WORK REQUEST:
Please make sure what you return matches the listing below exactly, minus its pictures.

Top of DATA TO USE

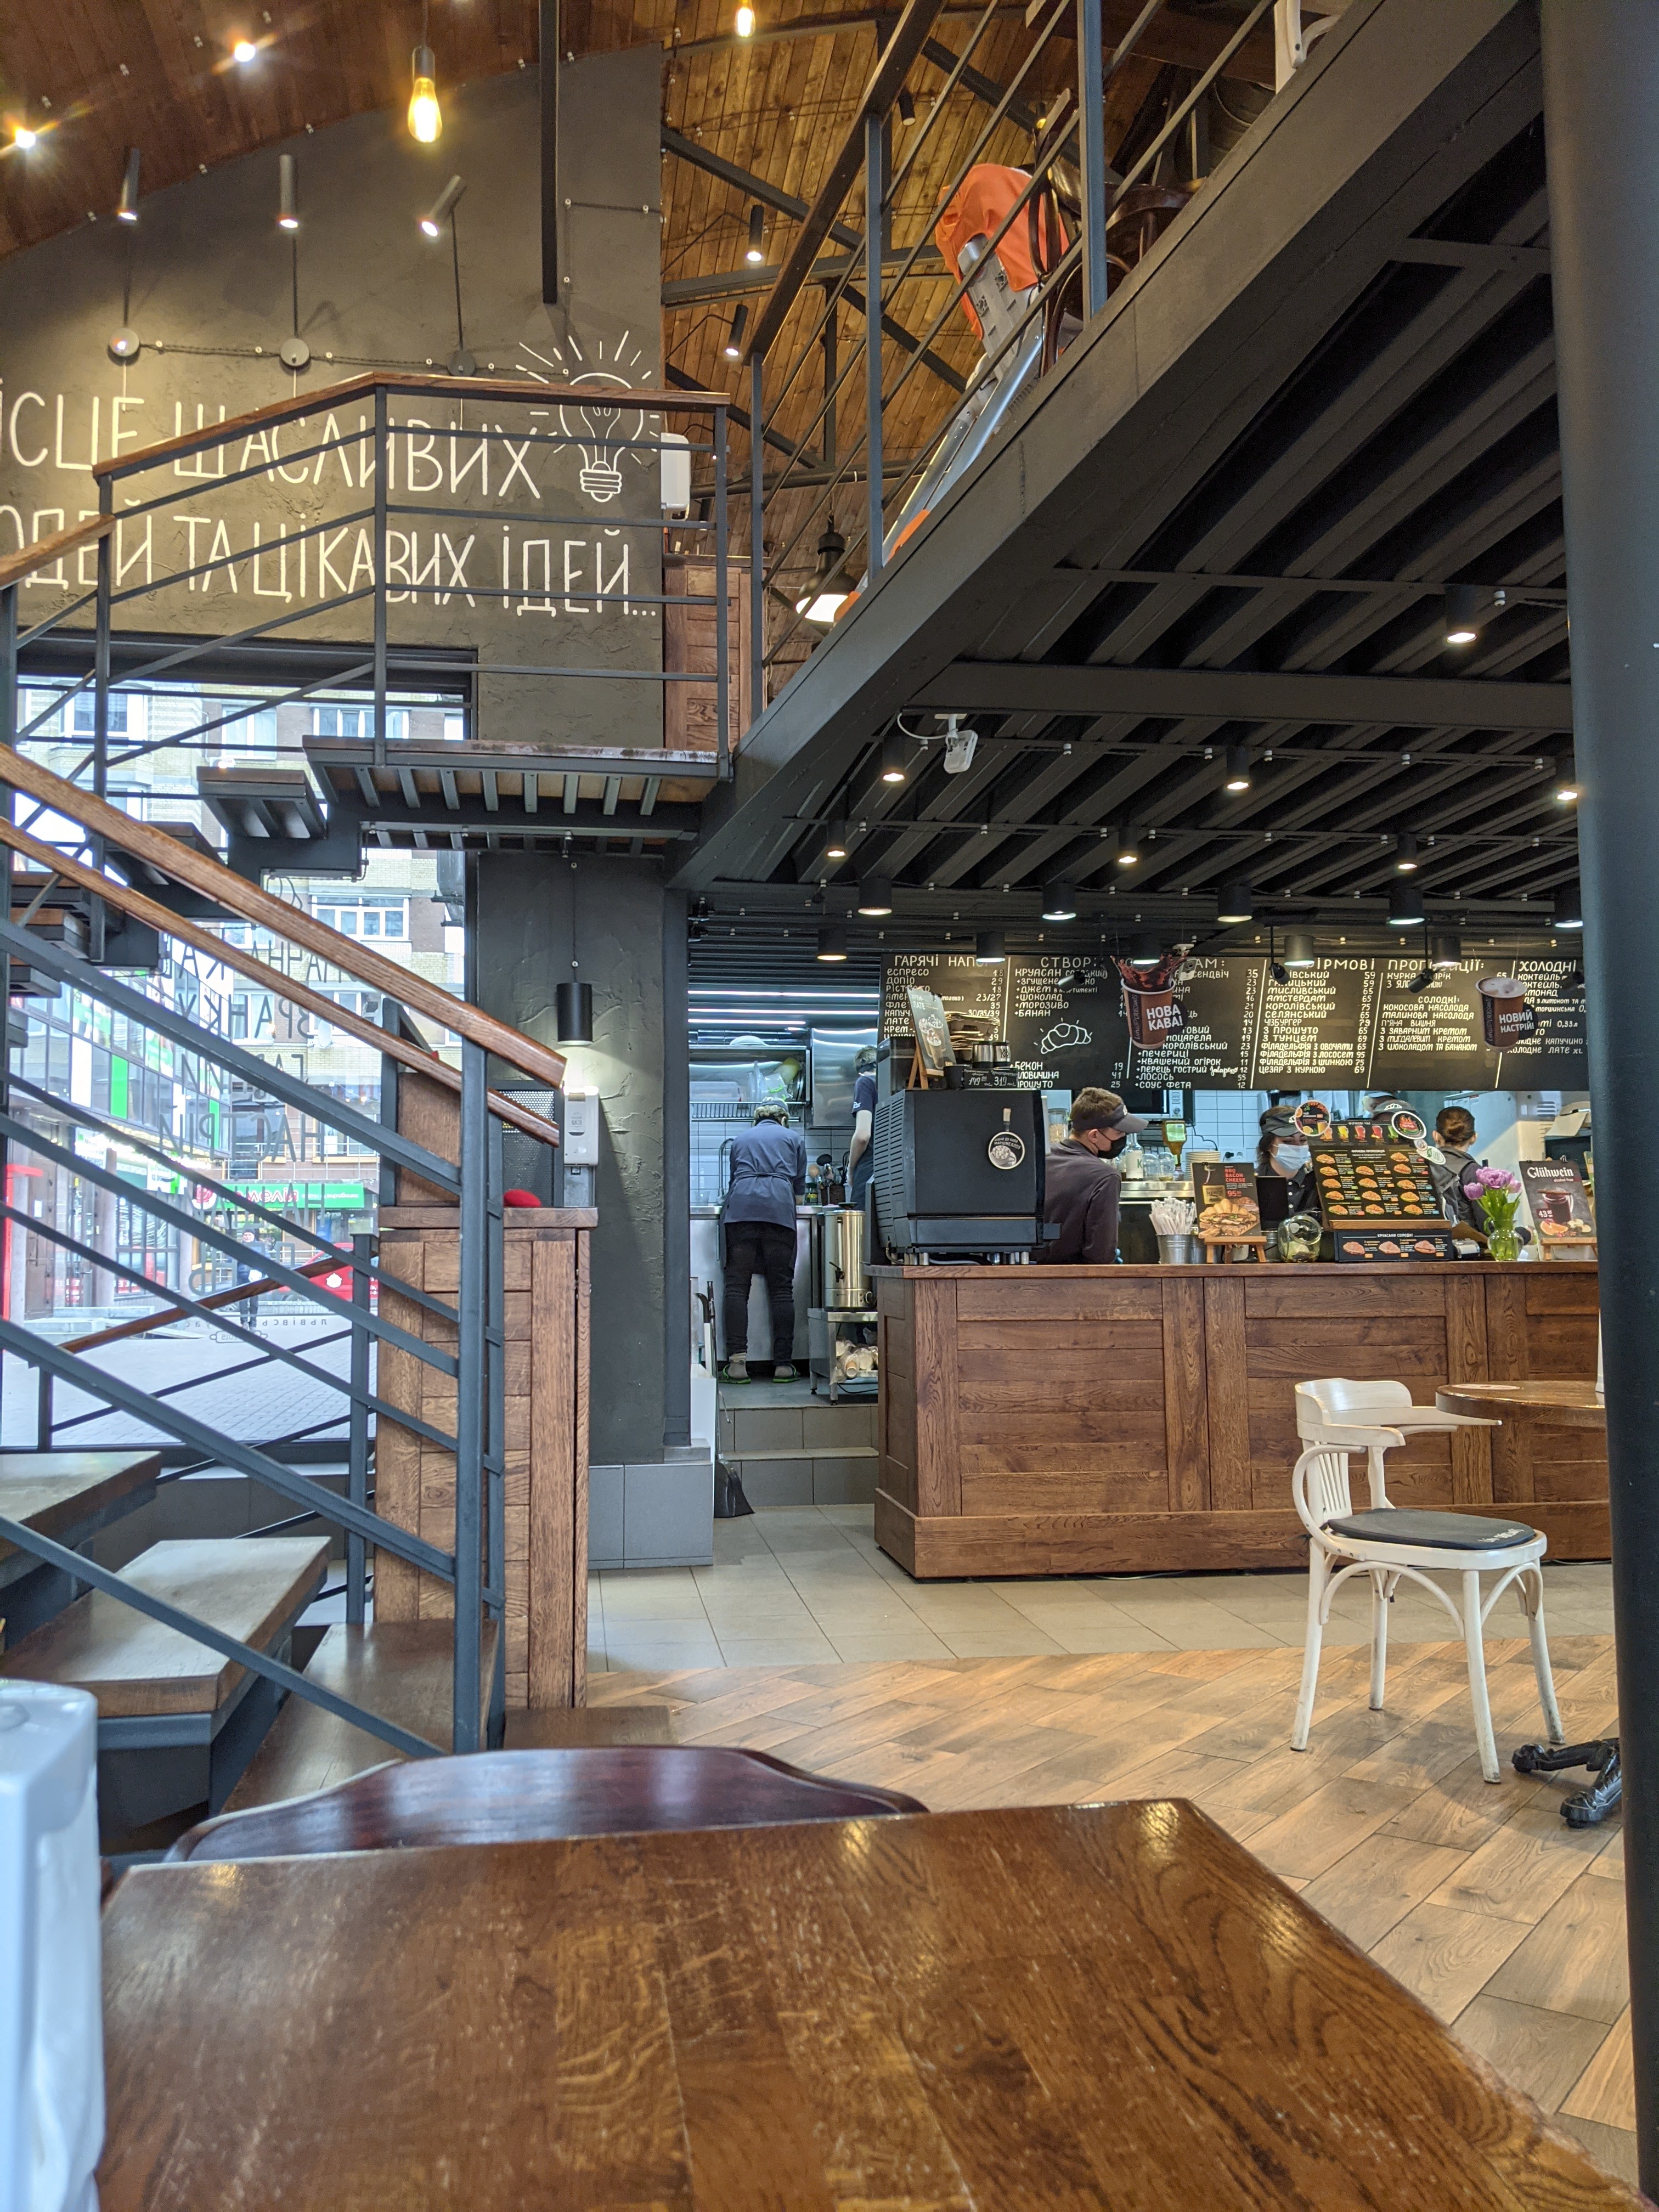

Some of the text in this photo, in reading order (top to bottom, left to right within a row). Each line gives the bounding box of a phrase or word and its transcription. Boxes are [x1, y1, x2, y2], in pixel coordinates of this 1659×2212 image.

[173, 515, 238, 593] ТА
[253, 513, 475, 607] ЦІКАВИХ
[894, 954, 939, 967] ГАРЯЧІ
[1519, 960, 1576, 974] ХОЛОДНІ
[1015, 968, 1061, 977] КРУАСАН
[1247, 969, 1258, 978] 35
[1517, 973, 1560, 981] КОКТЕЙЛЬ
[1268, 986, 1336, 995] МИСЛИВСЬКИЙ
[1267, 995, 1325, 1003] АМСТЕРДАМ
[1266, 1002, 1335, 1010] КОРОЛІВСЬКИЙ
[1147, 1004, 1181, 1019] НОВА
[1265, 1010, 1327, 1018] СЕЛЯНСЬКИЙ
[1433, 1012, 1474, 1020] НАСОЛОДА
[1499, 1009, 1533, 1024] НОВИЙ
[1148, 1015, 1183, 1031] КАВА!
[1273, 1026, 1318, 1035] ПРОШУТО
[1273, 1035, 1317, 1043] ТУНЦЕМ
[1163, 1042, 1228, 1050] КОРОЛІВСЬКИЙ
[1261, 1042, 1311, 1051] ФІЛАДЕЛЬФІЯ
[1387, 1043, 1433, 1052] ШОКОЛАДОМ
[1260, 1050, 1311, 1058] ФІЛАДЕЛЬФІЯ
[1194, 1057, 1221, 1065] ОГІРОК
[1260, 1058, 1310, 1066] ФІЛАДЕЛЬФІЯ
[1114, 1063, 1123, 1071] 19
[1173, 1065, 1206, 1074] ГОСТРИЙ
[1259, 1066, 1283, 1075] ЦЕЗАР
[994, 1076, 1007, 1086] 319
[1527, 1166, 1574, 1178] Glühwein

Bottom of DATA TO USE

ANSWER FOR THIS EXERCISE:
Some of the text in this photo, in reading order (top to bottom, left to right within a row). Each line gives the bounding box of a phrase or word and its transcription. Boxes are [x1, y1, x2, y2], in pixel coordinates of this 1659×2212 image.

[173, 515, 238, 593] ТА
[253, 513, 475, 607] ЦІКАВИХ
[894, 954, 939, 967] ГАРЯЧІ
[1519, 960, 1576, 974] ХОЛОДНІ
[1015, 968, 1061, 977] КРУАСАН
[1247, 969, 1258, 978] 35
[1517, 973, 1560, 981] КОКТЕЙЛЬ
[1268, 986, 1336, 995] МИСЛИВСЬКИЙ
[1267, 995, 1325, 1003] АМСТЕРДАМ
[1266, 1002, 1335, 1010] КОРОЛІВСЬКИЙ
[1147, 1004, 1181, 1019] НОВА
[1265, 1010, 1327, 1018] СЕЛЯНСЬКИЙ
[1433, 1012, 1474, 1020] НАСОЛОДА
[1499, 1009, 1533, 1024] НОВИЙ
[1148, 1015, 1183, 1031] КАВА!
[1273, 1026, 1318, 1035] ПРОШУТО
[1273, 1035, 1317, 1043] ТУНЦЕМ
[1163, 1042, 1228, 1050] КОРОЛІВСЬКИЙ
[1261, 1042, 1311, 1051] ФІЛАДЕЛЬФІЯ
[1387, 1043, 1433, 1052] ШОКОЛАДОМ
[1260, 1050, 1311, 1058] ФІЛАДЕЛЬФІЯ
[1194, 1057, 1221, 1065] ОГІРОК
[1260, 1058, 1310, 1066] ФІЛАДЕЛЬФІЯ
[1114, 1063, 1123, 1071] 19
[1173, 1065, 1206, 1074] ГОСТРИЙ
[1259, 1066, 1283, 1075] ЦЕЗАР
[994, 1076, 1007, 1086] 319
[1527, 1166, 1574, 1178] Glühwein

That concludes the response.